Medical Debt from COVID19 Hospitalizations and How it Affects Lower Income Patients

Martin Arguello
NJ Spark
Published in
4 min readSep 6, 2022

Throughout the time that the Coronavirus has existed, especially during peaks in infection rates, hospitals have been filled with patients suffering from the virus. Hospitalizations from COVID can cause medical emergencies and leave people in the hospital for many days with urgent care needed in order to survive the health effects caused by the virus. In many cases, COVID-related hospital bills become very expensive and require large sums of money to pay off. These hospital expenses can become an extreme financial burden for many families, especially those with lower incomes, if they have to pay the full amount of their visit. A lower-income patient’s expenses from their hospital treatment can be very difficult to pay upfront and can be transferred to medical debt they will be required to be paid off.

Congress passed a bill which temporarily limits/inhibits how much money debt collectors can collect from their patients, and therefore can temporarily lighten the collections of what patients are required to pay off. However, at any point in the future, congress can allow the resumption of their collections and cause serious finical problems for lower-income families. At the moment, studies will show a decrease in nationwide medical debt because the COVID-19 Medical Debt Collection Relief Act of 2021 currently negates a large amount of the debt caused by the Coronavirus. If normal debt collection procedures are allowed to resume, nationwide medical debt will surely increase when the statistics include the debts that are currently paused.

There are other laws that were passed in order to assist the already financially-strained victims of COVID19. As said by Lindsey Muniak, “There is a provision in the Affordable Care Act that requires nonprofit hospitals in the U.S to provide free or reduced-cost care to families below a certain percentage of the poverty line.” The U.S government gave extreme tax exemptions to these nonprofit hospitals in exchange for the hospitals to give lower income patients extreme discounts on their hospital bill or give them free treatment. Nonprofit hospitals make up the majority of hospitals in the U.S and therefore the tax exemptions distributes billions of dollars back into these hospitals. However, many of these hospitals do not provide all their lower income status patients with the information that they can be exempt from paying their full hospital bill. Hospitals also require plenty of documentation of yearly income which can be difficult to submit, especially after suffering from the Coronavirus. It can be difficult to obtain all the documents needed for free care, depending on how accessible the documents are to them. Ultimately, plenty of lower income hospital patients do not get the “deal” they are supposed to and end up having to pay the full amount. Many patients with the income status that should allow for them to avoid paying the full amount end up paying their hospital bill in full because they are unaware of their possible exemptions. Unfortunately, lower-income families are not often provided with the resources they are intended to have and have to pay the full amount of their hospital bill.

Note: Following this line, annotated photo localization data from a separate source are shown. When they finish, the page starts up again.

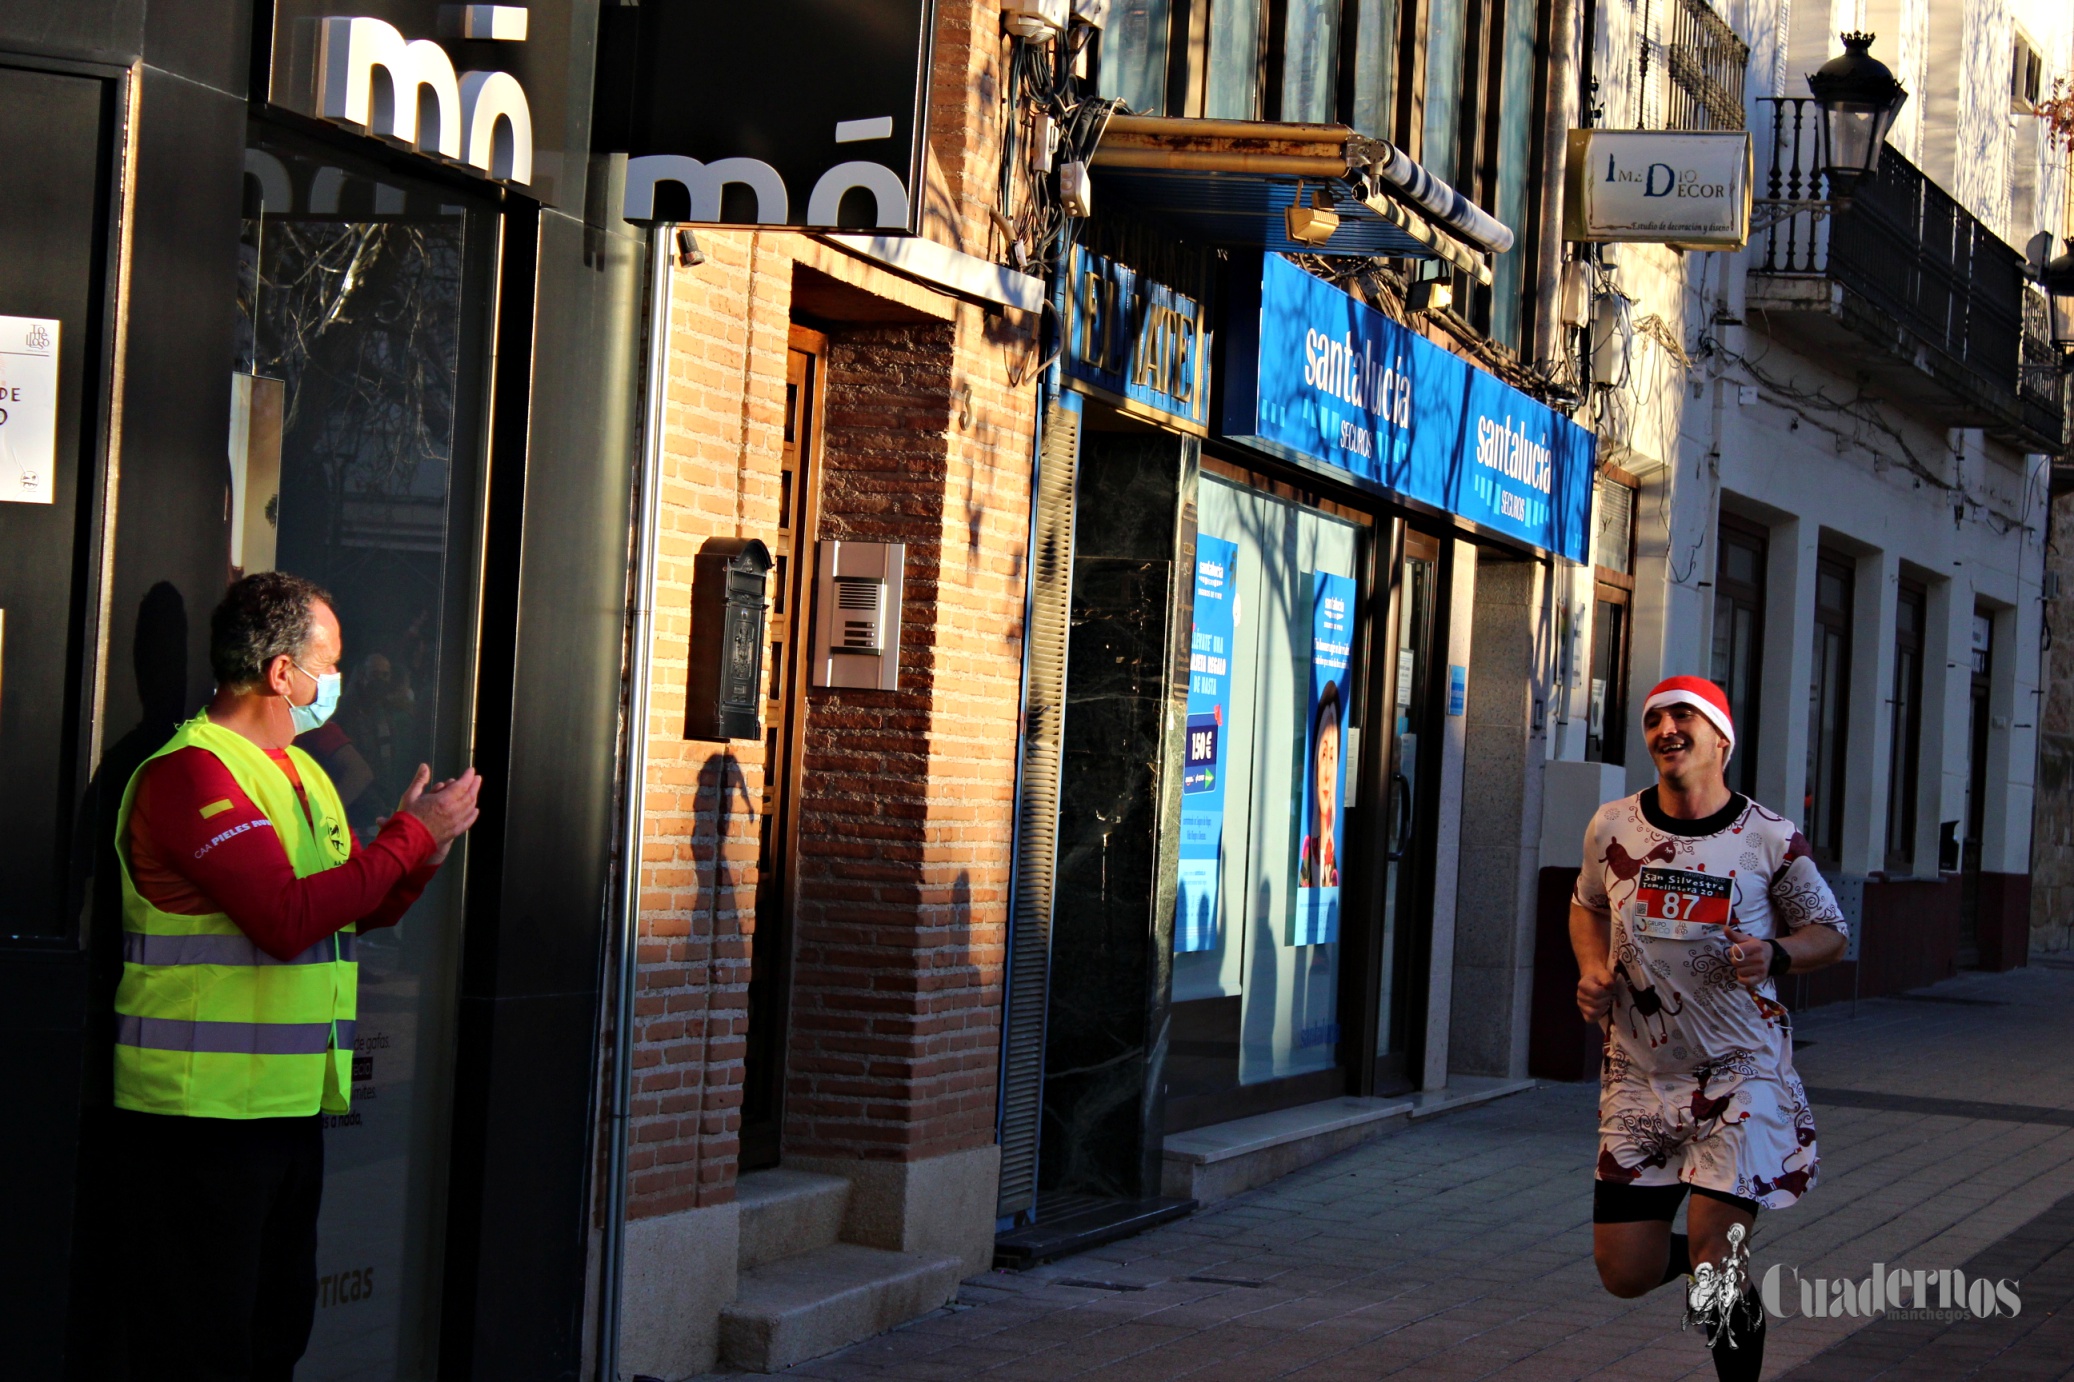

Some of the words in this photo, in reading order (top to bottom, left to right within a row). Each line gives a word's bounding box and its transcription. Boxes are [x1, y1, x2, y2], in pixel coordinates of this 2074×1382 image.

[1631, 221, 1657, 232] Estudio
[1658, 221, 1667, 231] de
[1702, 223, 1708, 234] y
[1081, 270, 1123, 377] EL
[1304, 327, 1412, 430] santalucía
[1340, 418, 1374, 460] SEGUROS
[1475, 414, 1551, 495] santalucía
[1500, 488, 1526, 523] SEGUROS
[211, 822, 250, 847] PIELES
[1643, 873, 1663, 882] San
[1662, 892, 1700, 920] 87
[366, 1032, 391, 1054] gafas.

Medical debt for lower income families can become a longterm issue that they’ll have to cope with for years to come. In many cases, lower income families trying to pay off medical debt will have to take out private loans in order to pay for utilities or other necessities. Private loans typically come with high interest rates which can plummet the families finances. Many lower income-families who aren’t aware that they qualify for much cheaper or free care end up being thousands of dollars in debt from their health crisis that need hospital treatment. Muniak comments on patients with overdue medical debt, “If a patient still isn’t able to service their debt, the provider will often intensify the collections effort which often results in the patient being sued.” These lawsuits go to court and in several cases, the patient won’t show up for various reasons, and the judge will rule in favor of the provider. Therefore, as explained by Muniak, “This allows for providers to pursue wage garnishments against patients.” Wage garnishments are amounts of money that the provider will automatically be able to take off the patients pay check. It is obvious that these wage garnishments can severely impact a family below the poverty line.

During peaks in infection rates of the Coronavirus, hospitals all over the country were close to if not at full capacity of patients suffering from the virus. Many of these patients of these patients qualified for special status because they had lower incomes. However, several of these families across the U.S are still required and expected to pay the full amounts of their hospital bill, or else the providers of the service will give the bill to debt collectors. Once the temporary limitation of debt collecting procedures are at any point resumed, many of these families will once again be at high financial strain. Medical debt can be an extreme financial burden for families who are below the poverty line, and have caused and will continue to cause hardships for these lower-income families.

Works Cited

Medical Debt Burden in the United States. https://files.consumerfinance.gov/f/documents/cfpb_medical-debt-burden-in-the-united-states_report_2022-03.pdf.

“Medical Debt Fell during the Pandemic. How Can the Decline Be Sustained?” Urban Institute, 11 May 2022, https://www.urban.org/research/publication/medical-debt-fell-during-pandemic-how-can-decline-be-sustained.

“New Survey: More than Half of U.S. Adults Who Contracted Covid-19 or Lost Income during the Pandemic Also Struggled with Medical Bill Problems.” Commonwealth Fund, 16 July 2021, https://www.commonwealthfund.org/press-release/2021/new-survey-more-half-us-adults-who-contracted-covid-19-or-lost-income-during.

Interview with Lindsey Muniak, Debt Collections.